This Court has jurisdiction over the WUMI Motion pursuant to 28 U.S.C. §§ 157(b)(2) and 1334. Venue is proper pursuant to 28 U.S.C. §§ 1408 and 1409. This matter is core pursuant to 28 U.S.C. § 157(b)(2)(O). The statutory bases for the relief requested by the WUMI Motion are 11 U.S.C. § 105, Federal Rule of Bankruptcy Procedure 9019 and Local Rule 9019–1.14

II. BACKGROUND

This Memorandum Decision is detailed, but necessarily so, in the Court's opinion. The WUMI Motion brings to the forefront the dynamics of corporate authority, alleged insider dealings, the competing interests of various secured creditors vying for limited resources, claims amongst the secured creditors as to priority, recharacterization, equitable subordination, and the interpretation of the law of the case. A review the history of the case from the outset and how the Debtor got here is necessary to give the ruling the proper context.

A. CSM's Corporate Structure

A brief overview of the Debtor's corporate structure and relevant parties thereto is important as it relates to the WUMI Motion.

The Debtor is a limited liability company organized on June 20, 2011, and existing under the laws of the State of Delaware. Three members, all of whom are parties to a limited liability company agreement (the "CSM Operating Agreement") own the Debtor.15 Those members include: (i) Skye Mineral Partners, LLC ("SMP"); (ii) Robert Reynolds, as representative of certain former first lien lenders; and (iii) Copper King Mining Corporation ("Copper King"). SMP is the majority-controlling member of the Debtor, owning approximately 99.25% of the overall units of the Debtor. Copper King owns approximately 0.13% of the overall units of the Debtor, and Robert Reynolds represents 0.62% of the overall units of the Debtor.

SMP is owned by DXS; PacNet; Skye Mineral Investors, LLC ("SMI"); and Clarity Copper, LLC ("Clarity Copper").

B. CSM Board

Prior to June 1, 2017, the Debtor's board of managers (the "Board") consisted of three people: (1) Marshall Cooper ("Cooper"), the DXS and PacNet designee; (2) Clinton Walker ("Walker"), the designee of Clarity Copper ; and (3) David J. Richards ("Richards"), the designee of SMI. Additional members on the Board were appointed after June 1, 2017. Clarity Copper appointed John Bryan, SMI appointed Sturges Karban, and DXS and PacNet appointed Thomas K. Reilly.

C. Brief Overview of CSM's Lending Structure

The Court will briefly discuss the Debtor's lending structure, as it is relevant to the WUMI Settlement Agreement and disputes amongst the Board managers.
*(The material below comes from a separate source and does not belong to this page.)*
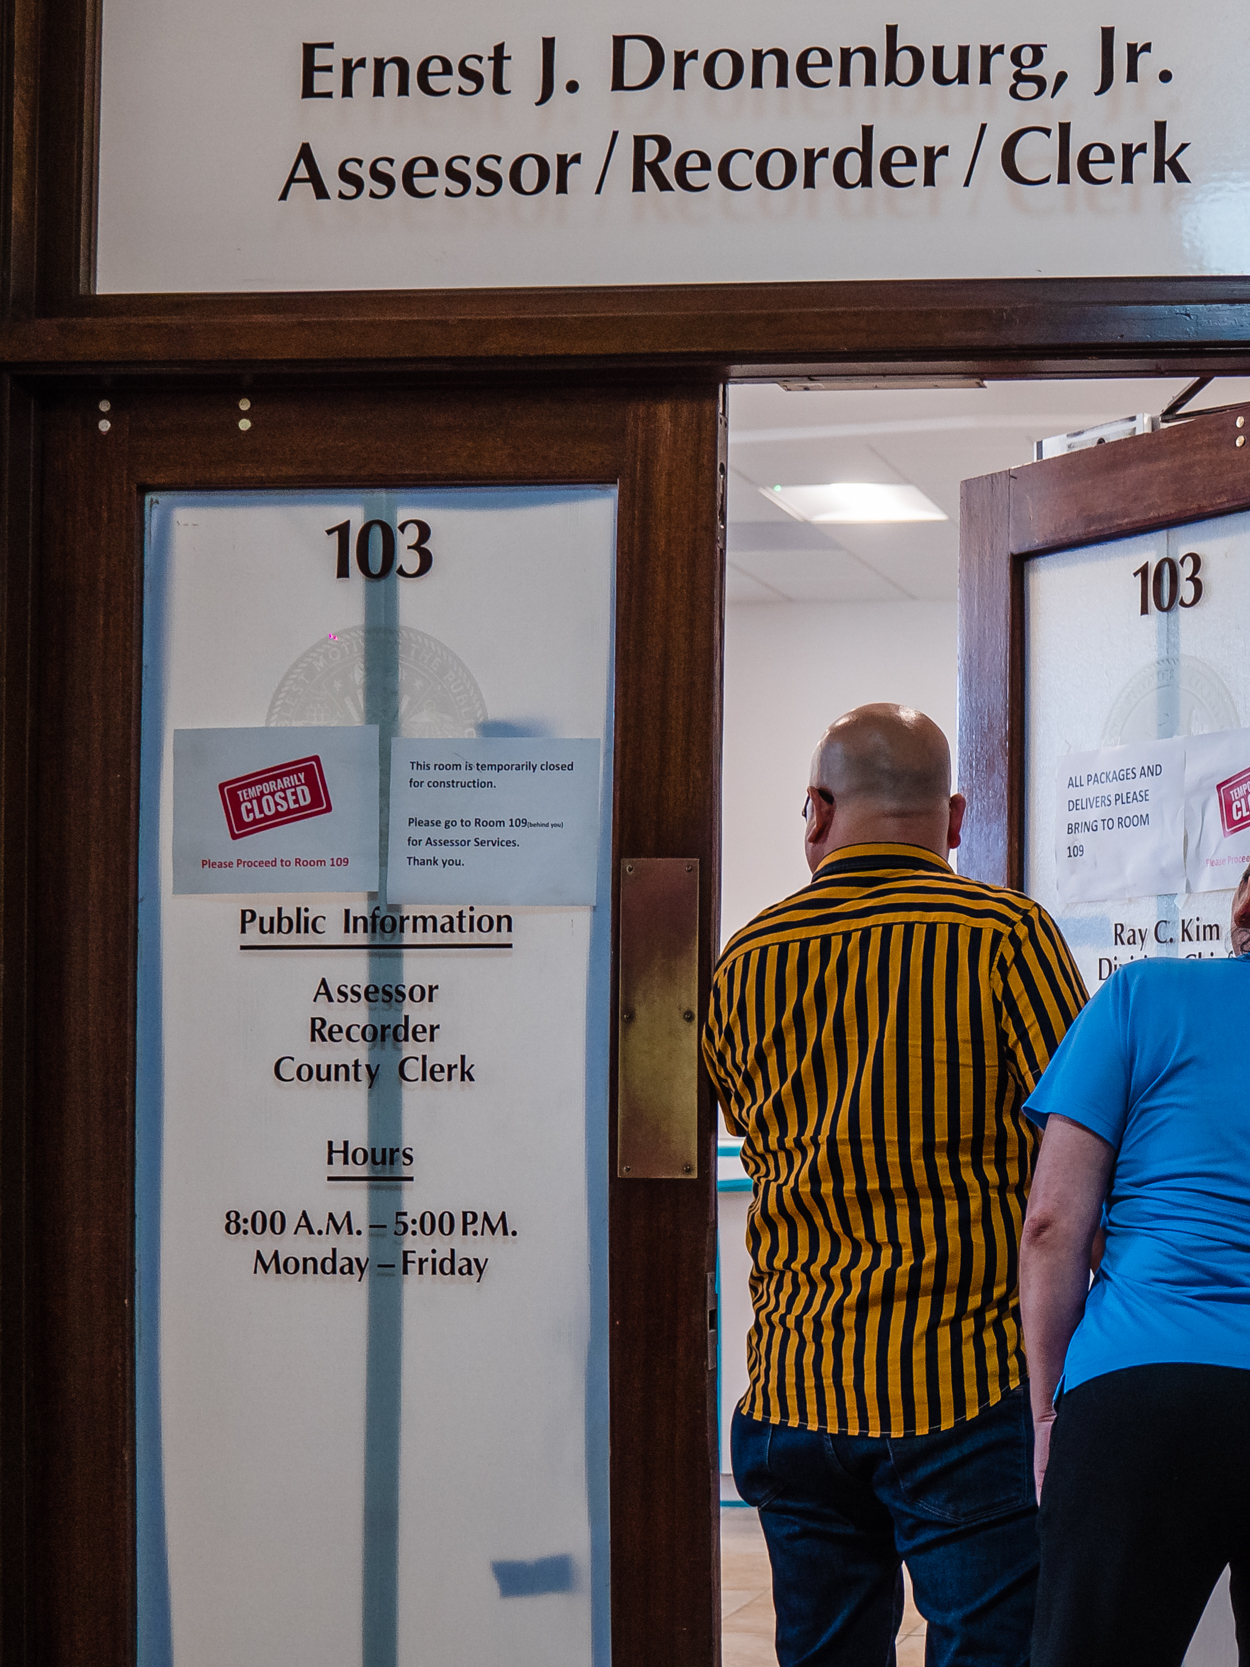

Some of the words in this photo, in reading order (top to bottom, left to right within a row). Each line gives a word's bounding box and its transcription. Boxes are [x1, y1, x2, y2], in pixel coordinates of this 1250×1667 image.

The Debtor has three primary pre-petition secured lenders: SMP, WUMI and Noble/Waterloo.

1) The SMP Loan

On November 10, 2011, CSM, as borrower, and SMP, as lender, entered into a loan modification agreement (the "SMP Loan"). In connection with the SMP Loan, SMP was granted a security interest in all of the Debtor's assets. In its schedules, the Debtor lists an obligation to SMP in a disputed amount of $27,309,249.78 and an undetermined collateral value.16

2) The WUMI Loan

On August 10, 2012, CSM, as borrower, and WUMI, as lender, entered into a loan and security agreement (the "WUMI Loan"). The WUMI Loan gave WUMI a senior-lien on substantially all of the Debtor's assets. On August 10, 2012, CSM and SMP entered into a debt subordination agreement in favor of WUMI (the "SMP Subordination Agreement"). Per the SMP Subordination Agreement, SMP agreed to subordinate its debt and lien to WUMI's debt and lien under the WUMI Loan.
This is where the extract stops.